- _ACTIVITY_: Your copy should match the records exactly, except that it contains no pictures.

───── GIVEN ENTRIES ─────

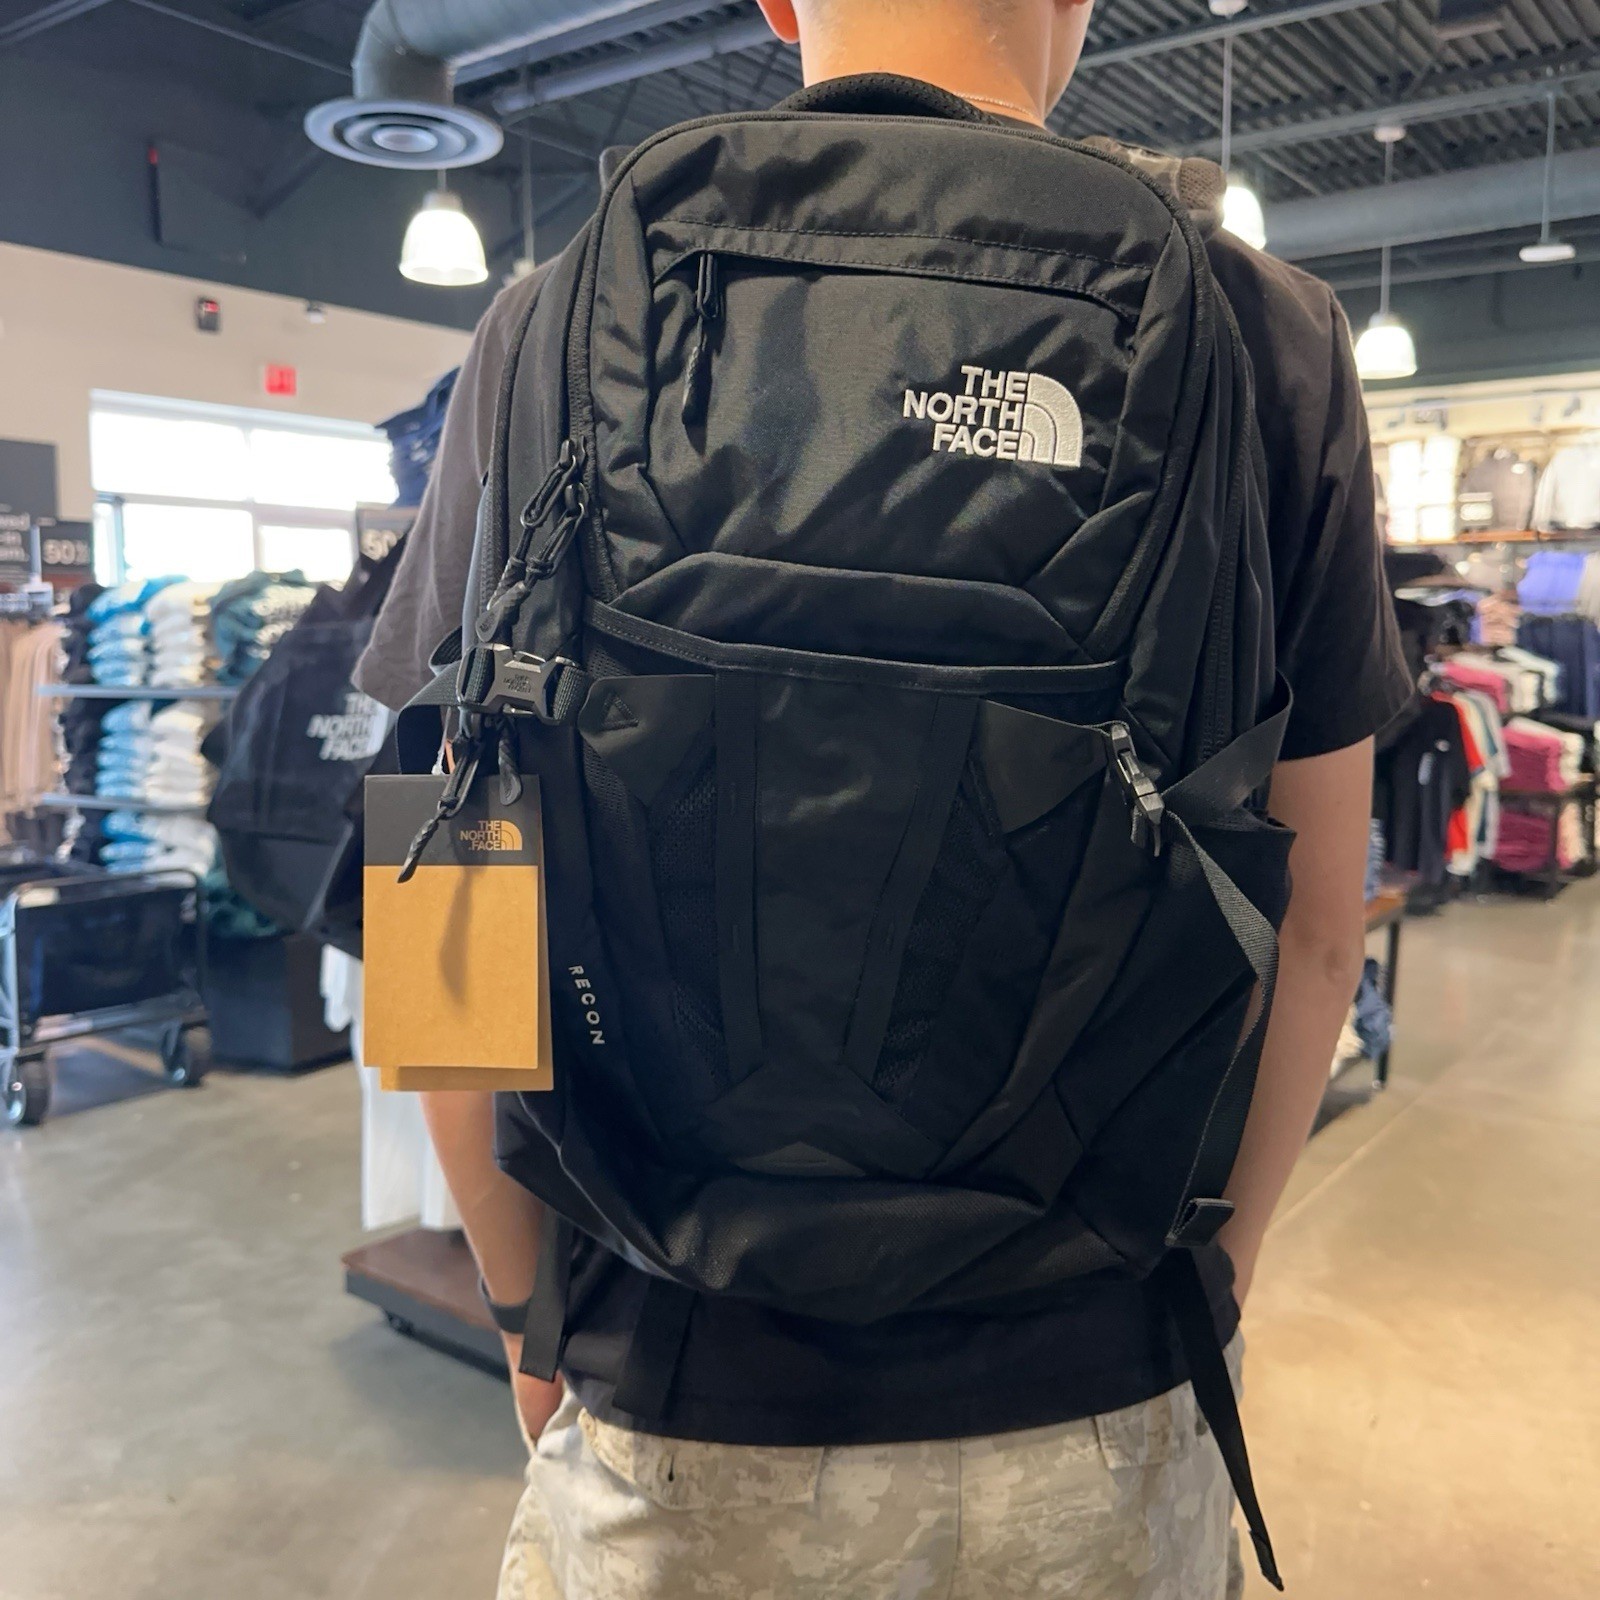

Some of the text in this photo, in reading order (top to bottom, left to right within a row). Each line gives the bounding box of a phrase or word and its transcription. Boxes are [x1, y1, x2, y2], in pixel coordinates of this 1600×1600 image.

[961, 365, 1029, 402] THE
[903, 389, 1023, 430] NORTH
[932, 423, 1020, 460] FACE
[460, 830, 501, 841] NORTH
[478, 820, 501, 831] THE
[471, 840, 501, 851] FACE
[568, 965, 605, 1044] RECON

─────

- _COMPLETED TASK_:
Some of the text in this photo, in reading order (top to bottom, left to right within a row). Each line gives the bounding box of a phrase or word and its transcription. Boxes are [x1, y1, x2, y2], in pixel coordinates of this 1600×1600 image.

[961, 365, 1029, 402] THE
[903, 389, 1023, 430] NORTH
[932, 423, 1020, 460] FACE
[460, 830, 501, 841] NORTH
[478, 820, 501, 831] THE
[471, 840, 501, 851] FACE
[568, 965, 605, 1044] RECON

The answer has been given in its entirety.